BPAS Appeals £200,000 Fine Over Hacked Website 104
DW100 writes "A UK charity that provides help and guidance for women seeking abortions has been fined £200,000 after a hacker breached its website in 2012 and was able to gather data on 9,900 people that had requested help from the organization. The hacker was given almost three years in jail for the attack. The charity's CEO has condemned the decision, arguing it rewards the hacker for his efforts."
The data was unintentionally stored in their CMS after miscommunication with a contractor, and they never performed security audits. Martin S. writes "The BPAS is appealing a £200,000 fine imposed by the ICO after their website was hacked by an Anonymous anti-abortion extremist. The amount is particularly egregious when perpetrators of willful data theft often attract fines of only a few thousand pounds."
Re:Low hanging fruit... (Score:5, Informative)
That's not how ICO fines work.
The way they work is this: If you suffer a data breach that the ICO hears off, they'll investigate.

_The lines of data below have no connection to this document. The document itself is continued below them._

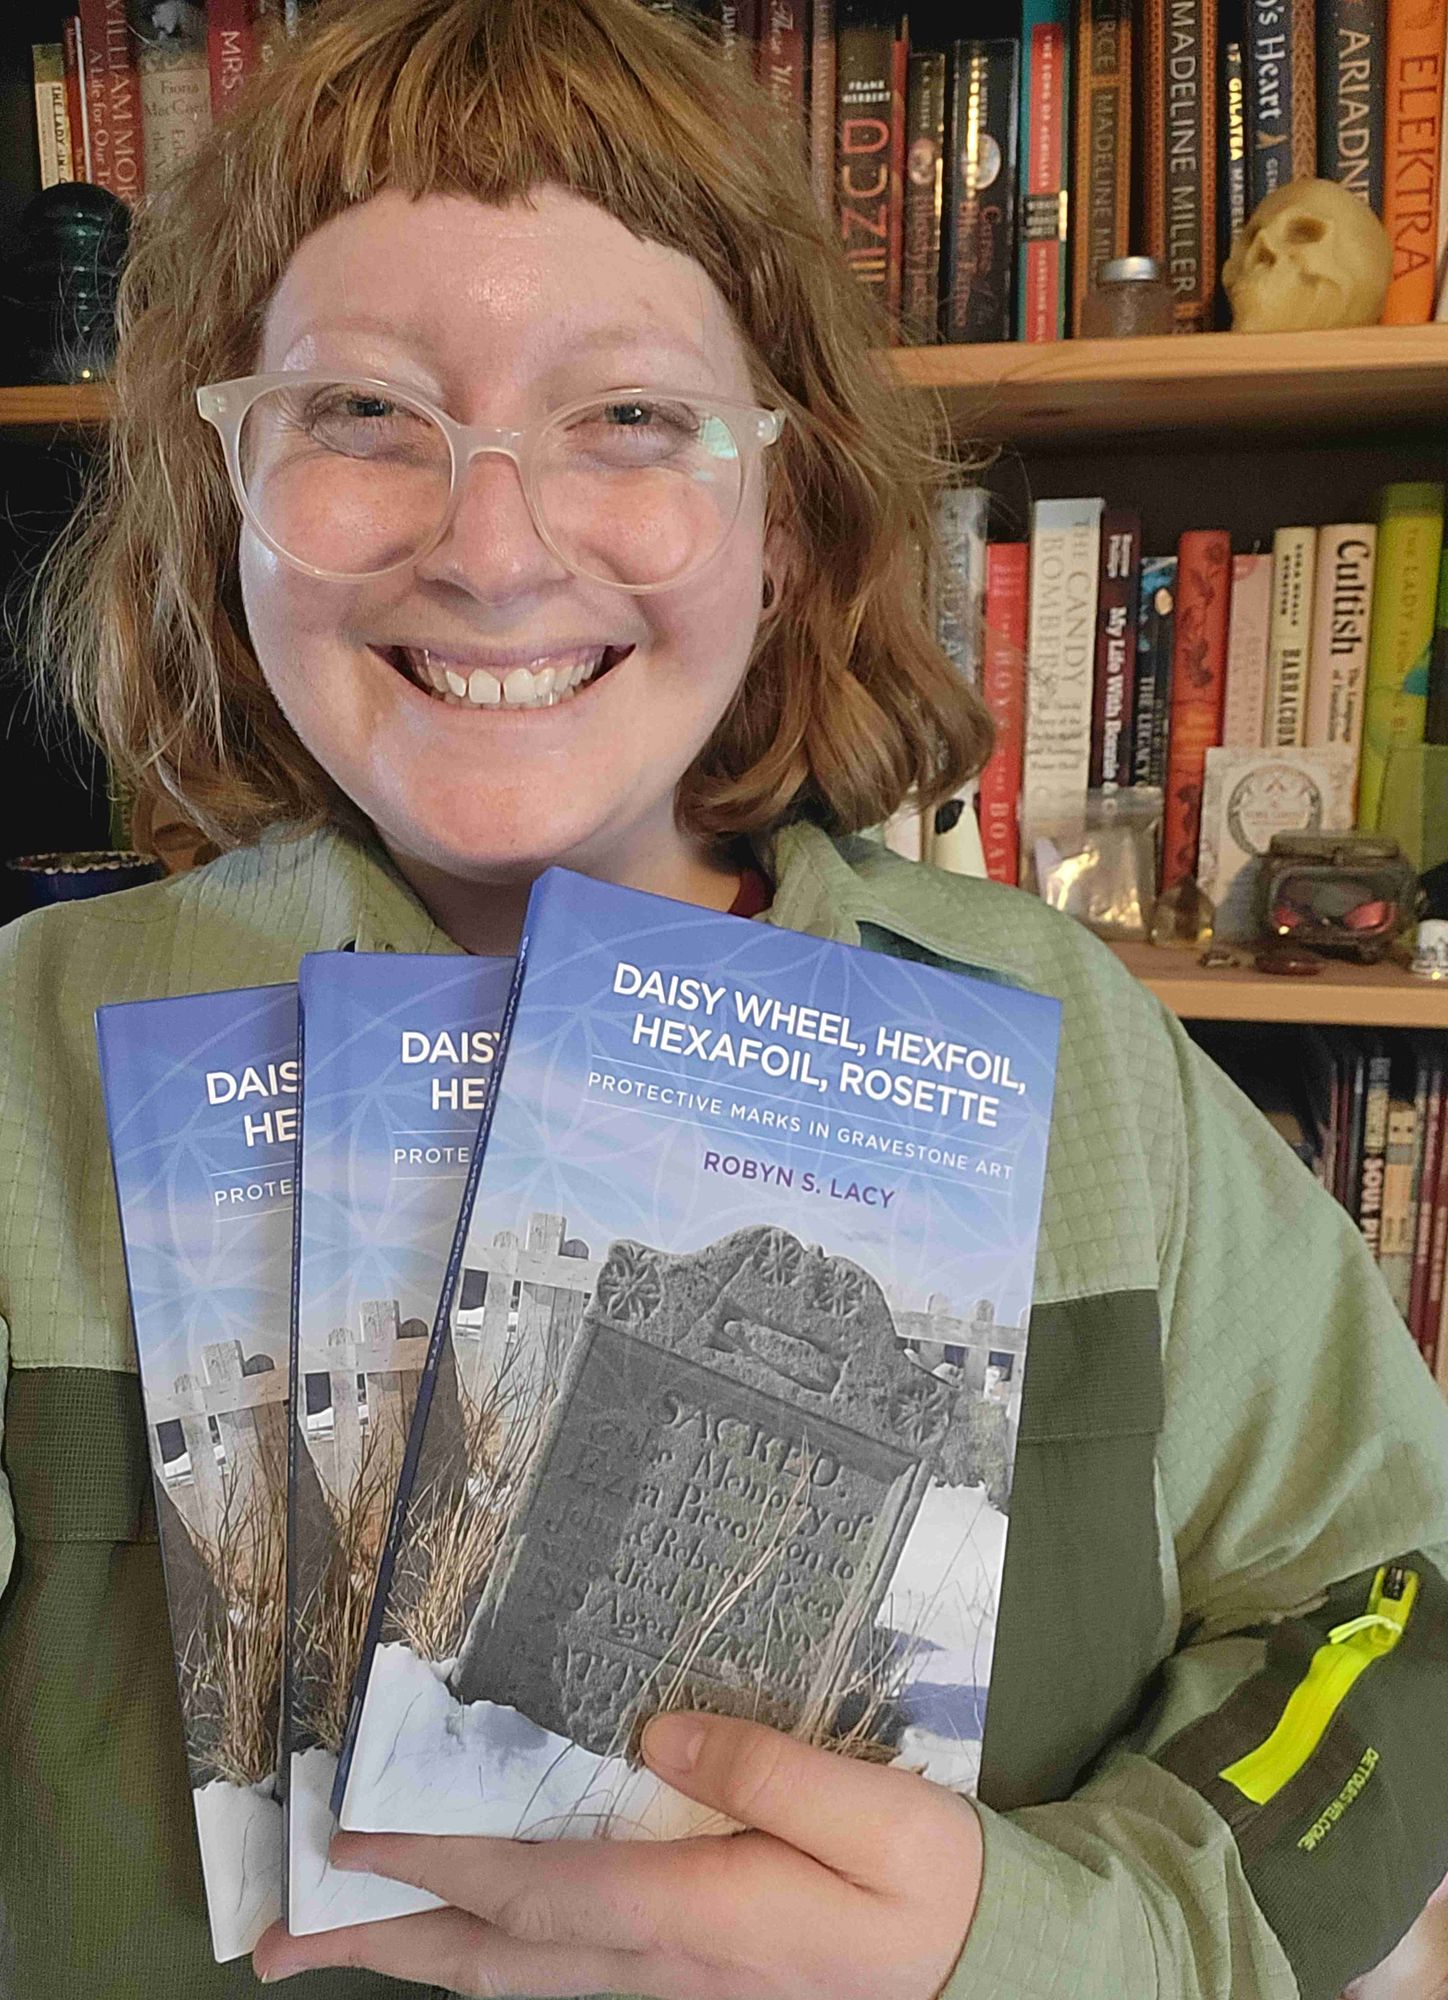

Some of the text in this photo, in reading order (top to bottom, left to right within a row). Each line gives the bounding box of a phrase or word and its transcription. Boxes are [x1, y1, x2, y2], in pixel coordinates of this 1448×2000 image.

[90, 69, 105, 99] Life
[1257, 35, 1285, 121] Heart
[93, 102, 105, 124] for
[95, 129, 109, 162] Our
[1168, 1, 1197, 293] MADELINE MILLER
[1229, 77, 1244, 161] GALATEA
[1091, 94, 1114, 219] MADELINE
[1393, 54, 1439, 282] ELEKTRA
[1062, 518, 1092, 687] THE CANDY
[1107, 607, 1128, 636] My
[1330, 540, 1371, 656] Cultish
[1108, 640, 1126, 673] Life
[1105, 675, 1126, 718] With
[1102, 720, 1124, 780] Bonnie
[988, 801, 1012, 878] BOAT
[401, 1030, 502, 1065] DAIS
[613, 962, 1027, 1095] DAISY WHEEL, HEXFOIL,
[632, 1014, 998, 1128] HEXAFOIL, ROSETTE
[393, 1147, 470, 1165] PROTE
[587, 1071, 1015, 1181] PROTECTIVE MARKS IN GRAVESTONE ART
[214, 1179, 294, 1206] PROTE
[703, 1150, 896, 1210] ROBYN S. LACY

Once the investigation is complete, they'll do a few things:
1. Write a beautifully-worded press release explaining exactly what you did wrong and put it on the news wires.
2. Write an equally beautifully-worded report explaining what you did wrong in explicit detail.
3. Issue a thumping great fine.
It's important to note that they don't have to take an organisation to court to raise this fine. It's the other way around - if your organisation gets fined, it's down to you to raise an appeal.